有意思的是,他并没有把这段经历只当作一次求学机会。南联盟局势恶化后,许杏虎意识到,国内读者需要的不只是几条简短消息,更需要来自现场的真实记录。于是,他选择回到那个动荡的国家,成为一名驻外记者。
出发前,他没有把工作的危险程度全部告诉父母,只给家里装了一条电话线,方便报平安。电话并没有打通多少次,后来便再也没有等来他的声音。对一个偏远村庄的老人来说,电话线本是牵挂的出口,却突然成了噩耗抵达前的最后联系。

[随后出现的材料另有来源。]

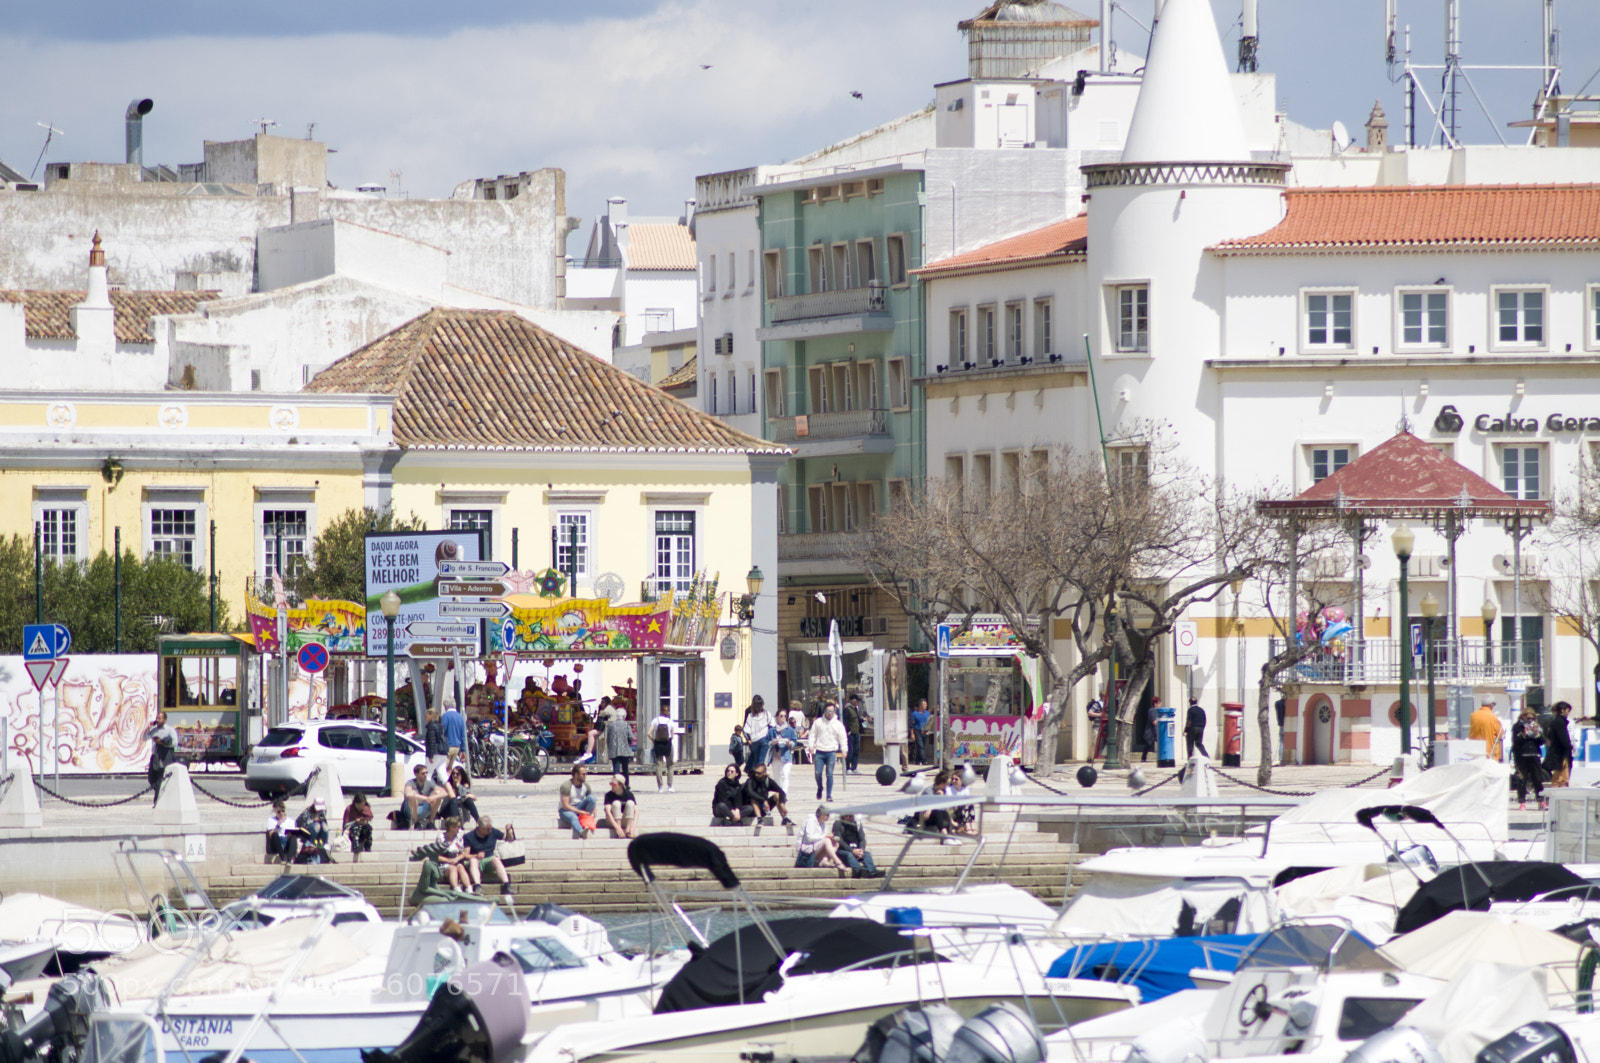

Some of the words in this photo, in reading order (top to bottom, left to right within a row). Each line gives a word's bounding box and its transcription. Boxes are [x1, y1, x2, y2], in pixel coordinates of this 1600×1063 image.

[1475, 413, 1539, 433] Caixa
[371, 541, 393, 552] DAQUI
[395, 540, 419, 551] AGORA
[371, 552, 397, 568] VÊ-SE
[399, 553, 419, 566] BEM
[371, 568, 420, 584] MELHOR!
[448, 605, 471, 613] câmara
[472, 606, 502, 614] municipal
[371, 613, 425, 626] CONTE-NOS!
[436, 625, 467, 633] Pontinha
[800, 617, 823, 638] CASA
[423, 645, 443, 653] teatro
[180, 1035, 209, 1047] FARO

朱颖也是《光明日报》记者。许杏虎赴南联盟时,原本只订了一张机票,想独自承担这份工作。朱颖得知后,主动申请调往贝尔格莱德。有人劝过她,她的态度很明确:“他去哪里,我就去哪里。”
夫妻二人抵达后,很快投入采访。北约空袭持续进行,城市里不断出现废墟、警报和紧急疏散。许杏虎深入被轰炸地区,记录平民生活和战后现场。他写下大量报道,据相关资料,驻外期间完成稿件约五十篇,文字总量超过十万字。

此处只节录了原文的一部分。